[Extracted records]
== Segment start ==

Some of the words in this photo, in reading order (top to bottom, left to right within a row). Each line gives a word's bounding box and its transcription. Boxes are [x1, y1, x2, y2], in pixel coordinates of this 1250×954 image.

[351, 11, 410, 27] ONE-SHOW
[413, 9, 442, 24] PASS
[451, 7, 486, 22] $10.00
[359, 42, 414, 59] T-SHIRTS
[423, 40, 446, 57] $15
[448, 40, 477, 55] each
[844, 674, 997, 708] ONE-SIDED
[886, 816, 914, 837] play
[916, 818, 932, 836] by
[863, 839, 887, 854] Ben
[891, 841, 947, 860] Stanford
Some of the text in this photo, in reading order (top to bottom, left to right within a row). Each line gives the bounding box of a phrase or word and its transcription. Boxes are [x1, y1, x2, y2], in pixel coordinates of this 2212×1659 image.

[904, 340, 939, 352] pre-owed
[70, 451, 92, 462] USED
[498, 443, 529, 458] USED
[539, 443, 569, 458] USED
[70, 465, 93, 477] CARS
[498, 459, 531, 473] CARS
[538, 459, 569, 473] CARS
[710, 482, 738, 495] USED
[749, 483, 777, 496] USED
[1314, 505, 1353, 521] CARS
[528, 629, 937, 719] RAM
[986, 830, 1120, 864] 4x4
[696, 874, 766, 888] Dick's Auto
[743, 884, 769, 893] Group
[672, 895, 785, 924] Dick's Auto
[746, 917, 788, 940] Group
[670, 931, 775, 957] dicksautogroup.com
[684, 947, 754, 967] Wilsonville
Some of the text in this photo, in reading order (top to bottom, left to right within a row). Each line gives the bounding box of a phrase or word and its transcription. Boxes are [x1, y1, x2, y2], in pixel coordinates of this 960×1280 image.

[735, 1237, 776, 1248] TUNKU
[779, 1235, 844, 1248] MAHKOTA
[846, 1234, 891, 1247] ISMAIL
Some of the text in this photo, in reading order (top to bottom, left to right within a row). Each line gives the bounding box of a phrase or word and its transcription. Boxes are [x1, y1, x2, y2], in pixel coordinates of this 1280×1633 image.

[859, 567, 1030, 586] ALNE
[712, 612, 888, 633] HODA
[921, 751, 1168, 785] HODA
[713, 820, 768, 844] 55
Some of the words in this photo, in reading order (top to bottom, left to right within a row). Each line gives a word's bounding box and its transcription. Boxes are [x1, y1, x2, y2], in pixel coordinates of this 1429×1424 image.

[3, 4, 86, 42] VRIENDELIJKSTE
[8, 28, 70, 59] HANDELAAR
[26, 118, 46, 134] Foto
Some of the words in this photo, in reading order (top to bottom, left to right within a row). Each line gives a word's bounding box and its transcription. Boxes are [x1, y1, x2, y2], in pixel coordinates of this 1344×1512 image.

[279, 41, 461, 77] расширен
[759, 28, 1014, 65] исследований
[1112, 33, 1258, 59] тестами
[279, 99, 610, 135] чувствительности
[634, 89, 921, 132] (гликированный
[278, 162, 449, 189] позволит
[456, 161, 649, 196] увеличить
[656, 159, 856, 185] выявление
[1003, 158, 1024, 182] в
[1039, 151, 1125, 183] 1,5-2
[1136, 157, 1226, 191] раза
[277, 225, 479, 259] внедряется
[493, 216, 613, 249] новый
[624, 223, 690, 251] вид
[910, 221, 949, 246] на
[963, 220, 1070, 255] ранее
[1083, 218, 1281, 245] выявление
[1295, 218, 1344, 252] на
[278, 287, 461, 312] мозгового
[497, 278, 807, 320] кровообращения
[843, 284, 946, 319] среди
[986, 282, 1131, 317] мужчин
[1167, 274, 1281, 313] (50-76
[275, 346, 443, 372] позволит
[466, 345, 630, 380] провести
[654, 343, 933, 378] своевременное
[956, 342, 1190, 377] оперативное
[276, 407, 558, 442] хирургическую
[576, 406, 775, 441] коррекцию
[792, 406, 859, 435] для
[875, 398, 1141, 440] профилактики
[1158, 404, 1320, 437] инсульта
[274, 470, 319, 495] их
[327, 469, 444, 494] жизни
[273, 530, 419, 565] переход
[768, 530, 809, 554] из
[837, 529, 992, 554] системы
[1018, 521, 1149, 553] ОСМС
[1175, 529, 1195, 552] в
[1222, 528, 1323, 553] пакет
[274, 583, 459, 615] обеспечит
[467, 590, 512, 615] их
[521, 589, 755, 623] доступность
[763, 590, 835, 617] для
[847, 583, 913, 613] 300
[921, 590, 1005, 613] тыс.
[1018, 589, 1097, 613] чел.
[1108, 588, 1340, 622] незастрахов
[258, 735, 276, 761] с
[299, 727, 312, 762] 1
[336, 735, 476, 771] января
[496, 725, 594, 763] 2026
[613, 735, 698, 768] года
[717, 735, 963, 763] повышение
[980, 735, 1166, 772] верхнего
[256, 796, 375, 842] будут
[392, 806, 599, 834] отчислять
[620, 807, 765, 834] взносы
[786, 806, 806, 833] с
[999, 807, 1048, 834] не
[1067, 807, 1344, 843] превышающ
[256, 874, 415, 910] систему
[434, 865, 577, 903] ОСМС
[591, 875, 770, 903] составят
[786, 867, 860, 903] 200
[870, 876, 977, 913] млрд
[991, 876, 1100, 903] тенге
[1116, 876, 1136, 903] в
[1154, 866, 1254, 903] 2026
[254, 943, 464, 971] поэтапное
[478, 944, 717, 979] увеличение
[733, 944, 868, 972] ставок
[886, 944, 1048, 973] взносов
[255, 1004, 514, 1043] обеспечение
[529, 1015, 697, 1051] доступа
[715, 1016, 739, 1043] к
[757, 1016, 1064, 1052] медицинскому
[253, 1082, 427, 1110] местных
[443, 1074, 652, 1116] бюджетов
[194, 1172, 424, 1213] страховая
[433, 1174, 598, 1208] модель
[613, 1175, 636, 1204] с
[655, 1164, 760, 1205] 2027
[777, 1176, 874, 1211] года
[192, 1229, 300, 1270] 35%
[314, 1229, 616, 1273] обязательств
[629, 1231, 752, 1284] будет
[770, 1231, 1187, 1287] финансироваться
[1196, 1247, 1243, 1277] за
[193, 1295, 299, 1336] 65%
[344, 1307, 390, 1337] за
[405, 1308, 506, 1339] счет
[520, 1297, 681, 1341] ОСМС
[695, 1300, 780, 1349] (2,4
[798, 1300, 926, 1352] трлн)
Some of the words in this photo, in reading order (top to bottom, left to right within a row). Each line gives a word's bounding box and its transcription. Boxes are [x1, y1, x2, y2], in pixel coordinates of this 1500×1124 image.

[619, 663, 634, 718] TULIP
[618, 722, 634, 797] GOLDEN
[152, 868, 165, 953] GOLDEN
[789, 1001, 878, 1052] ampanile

== Segment end ==

:: Work request ::
Every entry should be transcribed exactly, with nothing omitted.

:: Problem solution ::
Some of the words in this photo, in reading order (top to bottom, left to right within a row). Each line gives a word's bounding box and its transcription. Boxes are [x1, y1, x2, y2], in pixel coordinates of this 1250×954 image.

[351, 11, 410, 27] ONE-SHOW
[413, 9, 442, 24] PASS
[451, 7, 486, 22] $10.00
[359, 42, 414, 59] T-SHIRTS
[423, 40, 446, 57] $15
[448, 40, 477, 55] each
[844, 674, 997, 708] ONE-SIDED
[886, 816, 914, 837] play
[916, 818, 932, 836] by
[863, 839, 887, 854] Ben
[891, 841, 947, 860] Stanford
Some of the text in this photo, in reading order (top to bottom, left to right within a row). Each line gives the bounding box of a phrase or word and its transcription. Boxes are [x1, y1, x2, y2], in pixel coordinates of this 2212×1659 image.

[904, 340, 939, 352] pre-owed
[70, 451, 92, 462] USED
[498, 443, 529, 458] USED
[539, 443, 569, 458] USED
[70, 465, 93, 477] CARS
[498, 459, 531, 473] CARS
[538, 459, 569, 473] CARS
[710, 482, 738, 495] USED
[749, 483, 777, 496] USED
[1314, 505, 1353, 521] CARS
[528, 629, 937, 719] RAM
[986, 830, 1120, 864] 4x4
[696, 874, 766, 888] Dick's Auto
[743, 884, 769, 893] Group
[672, 895, 785, 924] Dick's Auto
[746, 917, 788, 940] Group
[670, 931, 775, 957] dicksautogroup.com
[684, 947, 754, 967] Wilsonville
Some of the text in this photo, in reading order (top to bottom, left to right within a row). Each line gives the bounding box of a phrase or word and its transcription. Boxes are [x1, y1, x2, y2], in pixel coordinates of this 960×1280 image.

[735, 1237, 776, 1248] TUNKU
[779, 1235, 844, 1248] MAHKOTA
[846, 1234, 891, 1247] ISMAIL
Some of the text in this photo, in reading order (top to bottom, left to right within a row). Each line gives the bounding box of a phrase or word and its transcription. Boxes are [x1, y1, x2, y2], in pixel coordinates of this 1280×1633 image.

[859, 567, 1030, 586] ALNE
[712, 612, 888, 633] HODA
[921, 751, 1168, 785] HODA
[713, 820, 768, 844] 55
Some of the words in this photo, in reading order (top to bottom, left to right within a row). Each line gives a word's bounding box and its transcription. Boxes are [x1, y1, x2, y2], in pixel coordinates of this 1429×1424 image.

[3, 4, 86, 42] VRIENDELIJKSTE
[8, 28, 70, 59] HANDELAAR
[26, 118, 46, 134] Foto
Some of the words in this photo, in reading order (top to bottom, left to right within a row). Each line gives a word's bounding box and its transcription. Boxes are [x1, y1, x2, y2], in pixel coordinates of this 1344×1512 image.

[279, 41, 461, 77] расширен
[759, 28, 1014, 65] исследований
[1112, 33, 1258, 59] тестами
[279, 99, 610, 135] чувствительности
[634, 89, 921, 132] (гликированный
[278, 162, 449, 189] позволит
[456, 161, 649, 196] увеличить
[656, 159, 856, 185] выявление
[1003, 158, 1024, 182] в
[1039, 151, 1125, 183] 1,5-2
[1136, 157, 1226, 191] раза
[277, 225, 479, 259] внедряется
[493, 216, 613, 249] новый
[624, 223, 690, 251] вид
[910, 221, 949, 246] на
[963, 220, 1070, 255] ранее
[1083, 218, 1281, 245] выявление
[1295, 218, 1344, 252] на
[278, 287, 461, 312] мозгового
[497, 278, 807, 320] кровообращения
[843, 284, 946, 319] среди
[986, 282, 1131, 317] мужчин
[1167, 274, 1281, 313] (50-76
[275, 346, 443, 372] позволит
[466, 345, 630, 380] провести
[654, 343, 933, 378] своевременное
[956, 342, 1190, 377] оперативное
[276, 407, 558, 442] хирургическую
[576, 406, 775, 441] коррекцию
[792, 406, 859, 435] для
[875, 398, 1141, 440] профилактики
[1158, 404, 1320, 437] инсульта
[274, 470, 319, 495] их
[327, 469, 444, 494] жизни
[273, 530, 419, 565] переход
[768, 530, 809, 554] из
[837, 529, 992, 554] системы
[1018, 521, 1149, 553] ОСМС
[1175, 529, 1195, 552] в
[1222, 528, 1323, 553] пакет
[274, 583, 459, 615] обеспечит
[467, 590, 512, 615] их
[521, 589, 755, 623] доступность
[763, 590, 835, 617] для
[847, 583, 913, 613] 300
[921, 590, 1005, 613] тыс.
[1018, 589, 1097, 613] чел.
[1108, 588, 1340, 622] незастрахов
[258, 735, 276, 761] с
[299, 727, 312, 762] 1
[336, 735, 476, 771] января
[496, 725, 594, 763] 2026
[613, 735, 698, 768] года
[717, 735, 963, 763] повышение
[980, 735, 1166, 772] верхнего
[256, 796, 375, 842] будут
[392, 806, 599, 834] отчислять
[620, 807, 765, 834] взносы
[786, 806, 806, 833] с
[999, 807, 1048, 834] не
[1067, 807, 1344, 843] превышающ
[256, 874, 415, 910] систему
[434, 865, 577, 903] ОСМС
[591, 875, 770, 903] составят
[786, 867, 860, 903] 200
[870, 876, 977, 913] млрд
[991, 876, 1100, 903] тенге
[1116, 876, 1136, 903] в
[1154, 866, 1254, 903] 2026
[254, 943, 464, 971] поэтапное
[478, 944, 717, 979] увеличение
[733, 944, 868, 972] ставок
[886, 944, 1048, 973] взносов
[255, 1004, 514, 1043] обеспечение
[529, 1015, 697, 1051] доступа
[715, 1016, 739, 1043] к
[757, 1016, 1064, 1052] медицинскому
[253, 1082, 427, 1110] местных
[443, 1074, 652, 1116] бюджетов
[194, 1172, 424, 1213] страховая
[433, 1174, 598, 1208] модель
[613, 1175, 636, 1204] с
[655, 1164, 760, 1205] 2027
[777, 1176, 874, 1211] года
[192, 1229, 300, 1270] 35%
[314, 1229, 616, 1273] обязательств
[629, 1231, 752, 1284] будет
[770, 1231, 1187, 1287] финансироваться
[1196, 1247, 1243, 1277] за
[193, 1295, 299, 1336] 65%
[344, 1307, 390, 1337] за
[405, 1308, 506, 1339] счет
[520, 1297, 681, 1341] ОСМС
[695, 1300, 780, 1349] (2,4
[798, 1300, 926, 1352] трлн)
Some of the words in this photo, in reading order (top to bottom, left to right within a row). Each line gives a word's bounding box and its transcription. Boxes are [x1, y1, x2, y2], in pixel coordinates of this 1500×1124 image.

[619, 663, 634, 718] TULIP
[618, 722, 634, 797] GOLDEN
[152, 868, 165, 953] GOLDEN
[789, 1001, 878, 1052] ampanile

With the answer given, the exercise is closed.